** Opening Available data block **
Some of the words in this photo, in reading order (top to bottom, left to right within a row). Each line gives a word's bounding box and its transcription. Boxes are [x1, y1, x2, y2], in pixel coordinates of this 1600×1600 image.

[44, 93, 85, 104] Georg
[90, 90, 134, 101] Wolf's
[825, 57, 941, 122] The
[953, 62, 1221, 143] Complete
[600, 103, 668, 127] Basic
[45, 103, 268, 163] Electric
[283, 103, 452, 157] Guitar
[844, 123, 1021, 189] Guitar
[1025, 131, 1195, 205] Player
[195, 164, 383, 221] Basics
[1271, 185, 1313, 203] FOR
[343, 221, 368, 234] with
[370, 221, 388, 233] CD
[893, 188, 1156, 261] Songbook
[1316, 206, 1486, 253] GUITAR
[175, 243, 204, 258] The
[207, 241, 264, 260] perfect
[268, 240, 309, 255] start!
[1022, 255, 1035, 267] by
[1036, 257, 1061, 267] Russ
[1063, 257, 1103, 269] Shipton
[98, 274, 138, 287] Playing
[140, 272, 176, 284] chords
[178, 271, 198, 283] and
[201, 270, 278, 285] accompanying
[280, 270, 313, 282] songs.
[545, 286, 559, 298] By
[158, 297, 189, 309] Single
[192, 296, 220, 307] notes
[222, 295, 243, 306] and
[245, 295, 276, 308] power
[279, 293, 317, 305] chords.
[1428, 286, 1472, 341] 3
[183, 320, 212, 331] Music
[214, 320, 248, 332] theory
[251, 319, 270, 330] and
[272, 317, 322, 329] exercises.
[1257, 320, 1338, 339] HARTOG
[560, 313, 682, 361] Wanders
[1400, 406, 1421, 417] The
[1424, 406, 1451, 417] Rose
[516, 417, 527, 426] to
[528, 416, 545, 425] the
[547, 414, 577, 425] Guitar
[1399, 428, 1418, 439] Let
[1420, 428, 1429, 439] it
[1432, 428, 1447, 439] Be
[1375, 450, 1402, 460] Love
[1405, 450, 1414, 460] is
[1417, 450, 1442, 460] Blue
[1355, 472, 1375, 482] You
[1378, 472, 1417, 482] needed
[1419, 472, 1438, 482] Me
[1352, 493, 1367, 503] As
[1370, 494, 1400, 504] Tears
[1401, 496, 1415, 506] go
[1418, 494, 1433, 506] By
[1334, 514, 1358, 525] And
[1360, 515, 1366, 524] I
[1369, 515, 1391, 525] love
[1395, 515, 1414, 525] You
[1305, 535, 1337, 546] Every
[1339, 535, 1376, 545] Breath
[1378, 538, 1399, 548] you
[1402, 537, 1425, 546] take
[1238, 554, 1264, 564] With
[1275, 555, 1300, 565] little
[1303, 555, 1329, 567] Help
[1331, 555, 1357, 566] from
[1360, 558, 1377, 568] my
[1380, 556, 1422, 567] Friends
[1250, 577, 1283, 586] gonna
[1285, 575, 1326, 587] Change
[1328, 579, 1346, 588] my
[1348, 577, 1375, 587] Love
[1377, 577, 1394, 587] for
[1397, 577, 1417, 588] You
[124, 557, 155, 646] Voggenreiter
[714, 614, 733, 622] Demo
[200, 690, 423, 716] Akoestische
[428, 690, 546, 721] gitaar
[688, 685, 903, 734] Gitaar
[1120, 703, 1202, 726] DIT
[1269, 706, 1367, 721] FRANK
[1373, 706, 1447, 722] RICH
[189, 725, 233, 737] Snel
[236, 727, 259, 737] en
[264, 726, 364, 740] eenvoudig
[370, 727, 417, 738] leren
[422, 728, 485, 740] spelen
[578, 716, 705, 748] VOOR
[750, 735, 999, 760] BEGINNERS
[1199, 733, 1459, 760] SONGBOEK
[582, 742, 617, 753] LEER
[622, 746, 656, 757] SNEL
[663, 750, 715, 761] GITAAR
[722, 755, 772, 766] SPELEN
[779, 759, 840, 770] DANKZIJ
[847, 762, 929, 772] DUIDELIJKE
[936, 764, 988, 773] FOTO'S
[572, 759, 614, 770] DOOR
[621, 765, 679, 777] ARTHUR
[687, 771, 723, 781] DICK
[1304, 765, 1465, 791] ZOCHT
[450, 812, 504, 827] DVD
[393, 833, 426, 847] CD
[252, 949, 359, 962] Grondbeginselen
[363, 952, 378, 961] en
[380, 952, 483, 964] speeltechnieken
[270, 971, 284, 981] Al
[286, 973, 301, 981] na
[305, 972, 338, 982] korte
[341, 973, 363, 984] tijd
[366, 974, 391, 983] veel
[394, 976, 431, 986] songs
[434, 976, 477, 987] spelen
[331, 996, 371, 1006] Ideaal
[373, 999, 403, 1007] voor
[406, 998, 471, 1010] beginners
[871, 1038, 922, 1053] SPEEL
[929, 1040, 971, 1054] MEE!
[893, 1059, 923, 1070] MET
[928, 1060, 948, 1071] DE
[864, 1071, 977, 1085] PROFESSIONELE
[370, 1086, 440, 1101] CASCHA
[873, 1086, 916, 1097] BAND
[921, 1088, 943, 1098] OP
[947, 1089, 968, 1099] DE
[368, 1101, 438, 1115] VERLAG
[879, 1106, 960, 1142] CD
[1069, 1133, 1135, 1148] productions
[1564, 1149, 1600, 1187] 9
** Closing Available data block **
Please write out each entry shown above exactly as given.

→ **Answer**
Some of the words in this photo, in reading order (top to bottom, left to right within a row). Each line gives a word's bounding box and its transcription. Boxes are [x1, y1, x2, y2], in pixel coordinates of this 1600×1600 image.

[44, 93, 85, 104] Georg
[90, 90, 134, 101] Wolf's
[825, 57, 941, 122] The
[953, 62, 1221, 143] Complete
[600, 103, 668, 127] Basic
[45, 103, 268, 163] Electric
[283, 103, 452, 157] Guitar
[844, 123, 1021, 189] Guitar
[1025, 131, 1195, 205] Player
[195, 164, 383, 221] Basics
[1271, 185, 1313, 203] FOR
[343, 221, 368, 234] with
[370, 221, 388, 233] CD
[893, 188, 1156, 261] Songbook
[1316, 206, 1486, 253] GUITAR
[175, 243, 204, 258] The
[207, 241, 264, 260] perfect
[268, 240, 309, 255] start!
[1022, 255, 1035, 267] by
[1036, 257, 1061, 267] Russ
[1063, 257, 1103, 269] Shipton
[98, 274, 138, 287] Playing
[140, 272, 176, 284] chords
[178, 271, 198, 283] and
[201, 270, 278, 285] accompanying
[280, 270, 313, 282] songs.
[545, 286, 559, 298] By
[158, 297, 189, 309] Single
[192, 296, 220, 307] notes
[222, 295, 243, 306] and
[245, 295, 276, 308] power
[279, 293, 317, 305] chords.
[1428, 286, 1472, 341] 3
[183, 320, 212, 331] Music
[214, 320, 248, 332] theory
[251, 319, 270, 330] and
[272, 317, 322, 329] exercises.
[1257, 320, 1338, 339] HARTOG
[560, 313, 682, 361] Wanders
[1400, 406, 1421, 417] The
[1424, 406, 1451, 417] Rose
[516, 417, 527, 426] to
[528, 416, 545, 425] the
[547, 414, 577, 425] Guitar
[1399, 428, 1418, 439] Let
[1420, 428, 1429, 439] it
[1432, 428, 1447, 439] Be
[1375, 450, 1402, 460] Love
[1405, 450, 1414, 460] is
[1417, 450, 1442, 460] Blue
[1355, 472, 1375, 482] You
[1378, 472, 1417, 482] needed
[1419, 472, 1438, 482] Me
[1352, 493, 1367, 503] As
[1370, 494, 1400, 504] Tears
[1401, 496, 1415, 506] go
[1418, 494, 1433, 506] By
[1334, 514, 1358, 525] And
[1360, 515, 1366, 524] I
[1369, 515, 1391, 525] love
[1395, 515, 1414, 525] You
[1305, 535, 1337, 546] Every
[1339, 535, 1376, 545] Breath
[1378, 538, 1399, 548] you
[1402, 537, 1425, 546] take
[1238, 554, 1264, 564] With
[1275, 555, 1300, 565] little
[1303, 555, 1329, 567] Help
[1331, 555, 1357, 566] from
[1360, 558, 1377, 568] my
[1380, 556, 1422, 567] Friends
[1250, 577, 1283, 586] gonna
[1285, 575, 1326, 587] Change
[1328, 579, 1346, 588] my
[1348, 577, 1375, 587] Love
[1377, 577, 1394, 587] for
[1397, 577, 1417, 588] You
[124, 557, 155, 646] Voggenreiter
[714, 614, 733, 622] Demo
[200, 690, 423, 716] Akoestische
[428, 690, 546, 721] gitaar
[688, 685, 903, 734] Gitaar
[1120, 703, 1202, 726] DIT
[1269, 706, 1367, 721] FRANK
[1373, 706, 1447, 722] RICH
[189, 725, 233, 737] Snel
[236, 727, 259, 737] en
[264, 726, 364, 740] eenvoudig
[370, 727, 417, 738] leren
[422, 728, 485, 740] spelen
[578, 716, 705, 748] VOOR
[750, 735, 999, 760] BEGINNERS
[1199, 733, 1459, 760] SONGBOEK
[582, 742, 617, 753] LEER
[622, 746, 656, 757] SNEL
[663, 750, 715, 761] GITAAR
[722, 755, 772, 766] SPELEN
[779, 759, 840, 770] DANKZIJ
[847, 762, 929, 772] DUIDELIJKE
[936, 764, 988, 773] FOTO'S
[572, 759, 614, 770] DOOR
[621, 765, 679, 777] ARTHUR
[687, 771, 723, 781] DICK
[1304, 765, 1465, 791] ZOCHT
[450, 812, 504, 827] DVD
[393, 833, 426, 847] CD
[252, 949, 359, 962] Grondbeginselen
[363, 952, 378, 961] en
[380, 952, 483, 964] speeltechnieken
[270, 971, 284, 981] Al
[286, 973, 301, 981] na
[305, 972, 338, 982] korte
[341, 973, 363, 984] tijd
[366, 974, 391, 983] veel
[394, 976, 431, 986] songs
[434, 976, 477, 987] spelen
[331, 996, 371, 1006] Ideaal
[373, 999, 403, 1007] voor
[406, 998, 471, 1010] beginners
[871, 1038, 922, 1053] SPEEL
[929, 1040, 971, 1054] MEE!
[893, 1059, 923, 1070] MET
[928, 1060, 948, 1071] DE
[864, 1071, 977, 1085] PROFESSIONELE
[370, 1086, 440, 1101] CASCHA
[873, 1086, 916, 1097] BAND
[921, 1088, 943, 1098] OP
[947, 1089, 968, 1099] DE
[368, 1101, 438, 1115] VERLAG
[879, 1106, 960, 1142] CD
[1069, 1133, 1135, 1148] productions
[1564, 1149, 1600, 1187] 9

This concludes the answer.